Work item — Your task is to print each record exactly as it reads.

Extracted data —
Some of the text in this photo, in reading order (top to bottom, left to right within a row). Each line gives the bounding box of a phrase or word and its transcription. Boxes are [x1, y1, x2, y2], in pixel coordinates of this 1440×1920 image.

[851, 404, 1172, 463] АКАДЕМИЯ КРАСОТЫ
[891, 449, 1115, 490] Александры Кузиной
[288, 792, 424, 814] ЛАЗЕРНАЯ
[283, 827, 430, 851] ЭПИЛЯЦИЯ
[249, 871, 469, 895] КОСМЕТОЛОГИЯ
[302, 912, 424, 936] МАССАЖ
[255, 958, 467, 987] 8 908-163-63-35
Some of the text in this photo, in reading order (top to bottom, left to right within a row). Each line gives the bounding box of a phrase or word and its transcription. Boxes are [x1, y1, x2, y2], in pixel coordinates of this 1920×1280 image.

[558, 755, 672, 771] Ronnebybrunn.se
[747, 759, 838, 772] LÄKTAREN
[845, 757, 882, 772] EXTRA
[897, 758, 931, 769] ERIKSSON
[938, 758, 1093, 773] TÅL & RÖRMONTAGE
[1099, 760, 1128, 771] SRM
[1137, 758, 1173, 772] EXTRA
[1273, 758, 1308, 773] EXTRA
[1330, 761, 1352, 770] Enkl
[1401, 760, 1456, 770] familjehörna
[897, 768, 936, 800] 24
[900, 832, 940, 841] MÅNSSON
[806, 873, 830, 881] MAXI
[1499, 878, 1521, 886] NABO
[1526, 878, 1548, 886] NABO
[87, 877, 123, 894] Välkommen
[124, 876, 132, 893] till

Answer to the exercise —
Some of the text in this photo, in reading order (top to bottom, left to right within a row). Each line gives the bounding box of a phrase or word and its transcription. Boxes are [x1, y1, x2, y2], in pixel coordinates of this 1440×1920 image.

[851, 404, 1172, 463] АКАДЕМИЯ КРАСОТЫ
[891, 449, 1115, 490] Александры Кузиной
[288, 792, 424, 814] ЛАЗЕРНАЯ
[283, 827, 430, 851] ЭПИЛЯЦИЯ
[249, 871, 469, 895] КОСМЕТОЛОГИЯ
[302, 912, 424, 936] МАССАЖ
[255, 958, 467, 987] 8 908-163-63-35
Some of the text in this photo, in reading order (top to bottom, left to right within a row). Each line gives the bounding box of a phrase or word and its transcription. Boxes are [x1, y1, x2, y2], in pixel coordinates of this 1920×1280 image.

[558, 755, 672, 771] Ronnebybrunn.se
[747, 759, 838, 772] LÄKTAREN
[845, 757, 882, 772] EXTRA
[897, 758, 931, 769] ERIKSSON
[938, 758, 1093, 773] TÅL & RÖRMONTAGE
[1099, 760, 1128, 771] SRM
[1137, 758, 1173, 772] EXTRA
[1273, 758, 1308, 773] EXTRA
[1330, 761, 1352, 770] Enkl
[1401, 760, 1456, 770] familjehörna
[897, 768, 936, 800] 24
[900, 832, 940, 841] MÅNSSON
[806, 873, 830, 881] MAXI
[1499, 878, 1521, 886] NABO
[1526, 878, 1548, 886] NABO
[87, 877, 123, 894] Välkommen
[124, 876, 132, 893] till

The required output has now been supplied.